I got issues with the new CEA report
http://jaredbernsteinblog.com/i-got-issues-with-the-new-cea-report/

First, full disclosure: Kevin Hassett, the chair of Trump's CEA, is an old friend, a good dude, and a guy I'm happy to see in this prominent post. But even as I endorsed him for the job, I publically worried about one area of his research where his claims go way beyond the evidence and ignore the counter-evidence. That area is the impact of tax cuts on growth, jobs, and particularly wages and incomes.

Thus, CEA's new report on the wage-boosting effects of the proposed cut in the corporate rate from 35 to 20 percent looks fatally flawed to me. It is a literature review that picks only the ripest of cherries, ignoring the large body of literature that goes hard in the other direction.

A particularly notable example of this problem is a citation of one study by tax analyst Jane Gravelle (et al) that CEA uses to support their thumb-on-the-scale results, while ignoring another Gravelle (et al) study that directly debunks CEAs main thesis that corporate rate reductions boost workers wages.

Worse, the Gravelle (et al) study that CEA ignores specifically and critically reviews the papers upon which CEAs work depends, including one by Hassett (et al) himself:

Cross-country studies to provide direct evidence showing that the burden of the corporate tax actually falls on labor yield unreasonable results and prove to suffer from econometric flaws that also lead to a disappearance of the results when corrected, in those cases where data were obtained and the results replicated.

One of those cases, as noted, was the Hassett study. As CEA notes, this is a study that tracks many countries over many years, and such studies are always sensitive to how the analysis is specified. That doesn't mean they're wrong, but it does mean you have to check as many of the model's assumptions you can to ensure that your findings are robust. When Gravelle et al do so, they quickly find the wage effect to disappear:

In every case, the coefficient estimates are close to zero and are not statistically significant at conventional confidence levels. In using annual data, we can find no evidence that changes in the top corporate tax rate affects wage rates in manufacturing.

This is also why you want to heavily discount CEA's Figure 1, which compares wage growth across very different countries with no controls (I'm not moved by Latvia's faster wage growth and lower corporate rate). CBPPs Huang and DeBot go through these issues in readable detail here.

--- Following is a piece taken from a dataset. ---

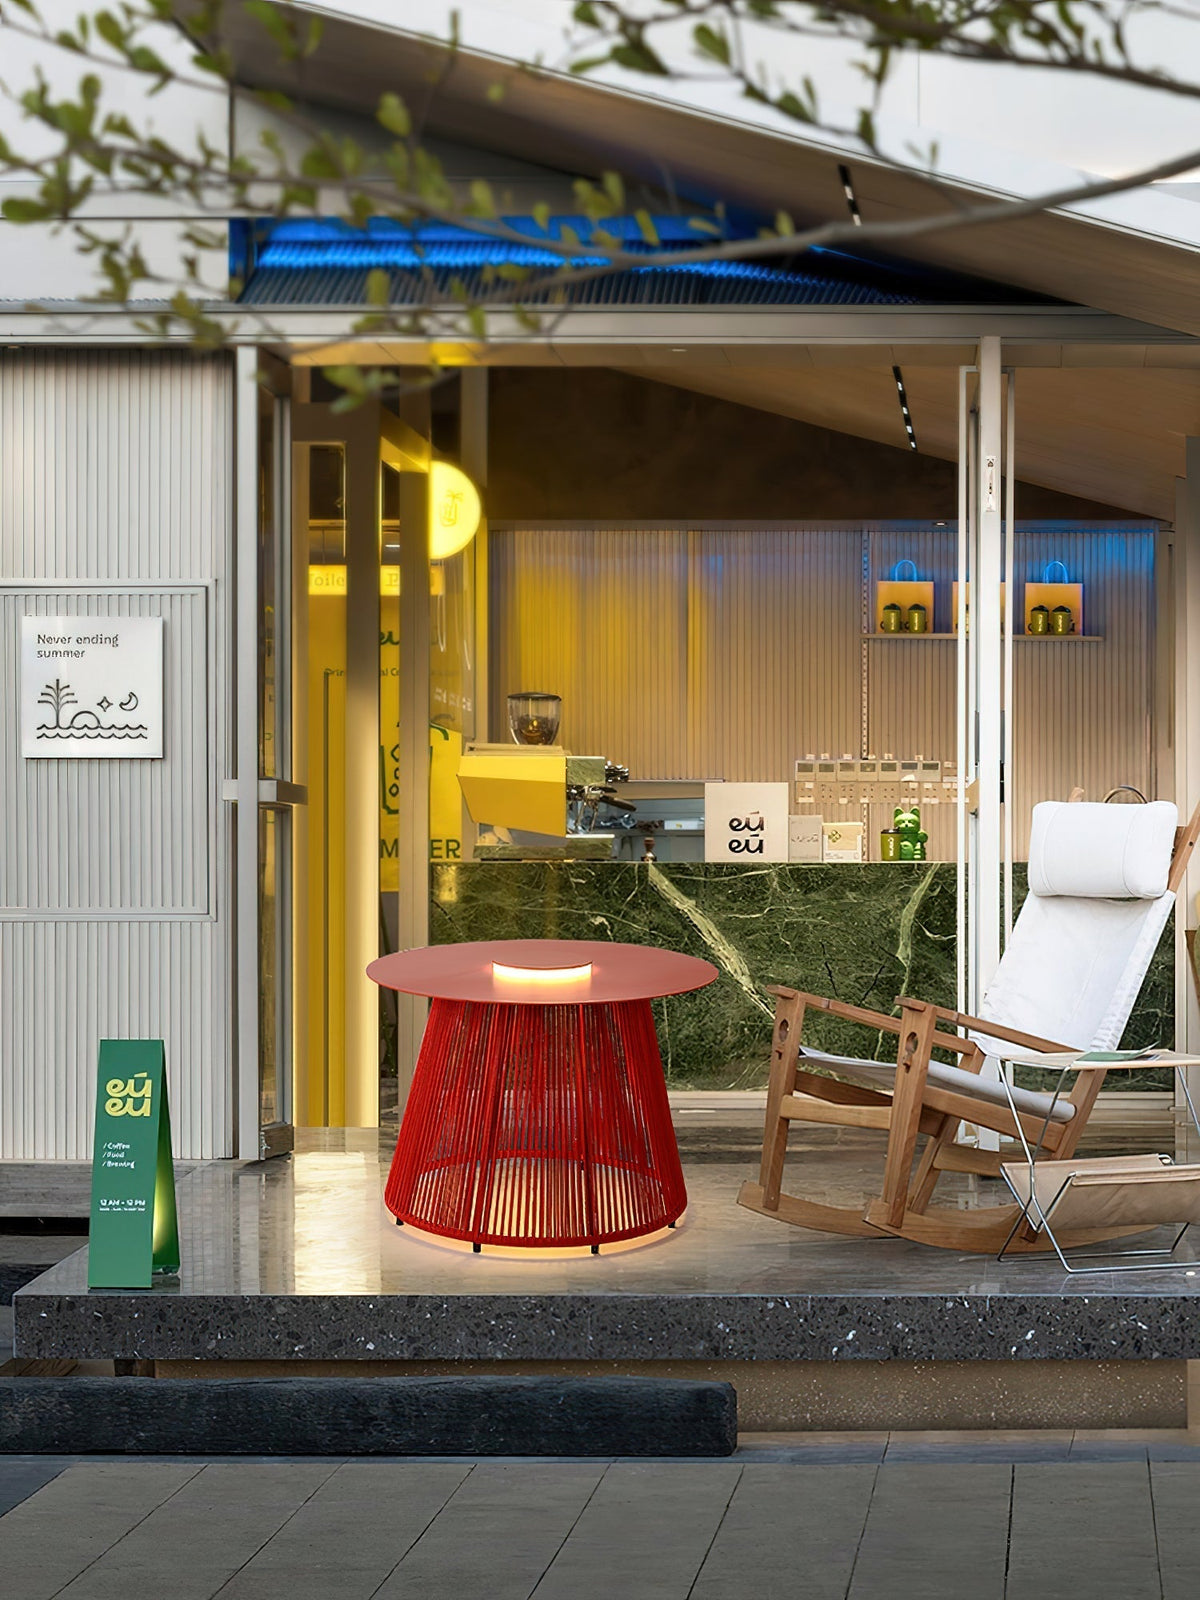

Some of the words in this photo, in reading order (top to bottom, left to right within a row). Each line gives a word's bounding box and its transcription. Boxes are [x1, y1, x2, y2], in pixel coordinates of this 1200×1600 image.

Other problems with the CEA report:

–The analysis assumes average impacts are similar to median ones. This is a very big deal, because, as I argue here, even if the trickle-down chain they tout is operative (and the empirical data suggests it is not), there's still a big slip twixt cup and lip in the last step: the idea that faster productivity growth lifts median, vs. average, compensation. I wish it were so, but as per the figure below, it is not. Essentially, CEA assumes away wage inequality.

 

–To CEA's credit, though they argue that the proposal, including the shift to a territorial system that exempts foreign earnings by US companies from US taxation, reduces profit shifting (booking profits in places with lower rates), they don't directly add that effect to wages.

–They do, however, suggest this effect would be "additive" to workers' incomes. This suggests that CEA is conflating tax avoidance with actual job and wage creating economic activity, as Howard Gleckman points out here.

–This one's important too: CEA ignores the "excess profits" problem. That is, while economists argue about who benefits from a reduction in the corporate tax, we agree that it purely benefits firms with profits beyond normal returns on investment. So, for big firms that dominate in their industries–Apple, Alphabet/Google, Amazon, etc.–the corporate cut clearly boosts profits far more than wages.

–CEA is clear that their analysis only covers the corporate part of the tax change, and that's reasonable. Except for when we're talking about distributional results, we must consider the impact of the tax cuts as we understand them in their entirety. Otherwise, we risk overlooking aspects that hurt middle and low-income households. We at CBPP have stressed these impacts, particularly the losses at the low end if the tax cuts are eventually paid for by spending cuts (see figure below).

Gussy it up any way you want, this is just the latest example of non-credible, trickle-down fairy dust. Corporate tax cuts will merely boost the profits of a sector that's already highly profitable at the expense of the working class. Given its trillions in retained earnings and low capital costs, the corporate sector could already raise investments and worker pay if it wanted to do so.

Thanks again, Donald and co.


 -- via my feedly newsfeed

Thomas Piketty: Budget 2018: French youth sacrified

Budget 2018: French youth sacrified


Thomas Piketty



To date the debate on the 2018 budget in France has concentrated on the question of tax gifts to the most wealthy. De facto, the abolition of the wealth tax and the measures in favour of top dividends and interests will cost the State budget over 5 billion euros.

But it is also important to insist on the other side of the coin, in other words the losers in the 2018 budget and, in particular, on the young people sacrificed as a consequence of the fall in student expenditure per capita in higher education. This will also enable me to clarify a number of issues raised by internauts about my last post (see « Suppression of the wealth tax: an historical error« ).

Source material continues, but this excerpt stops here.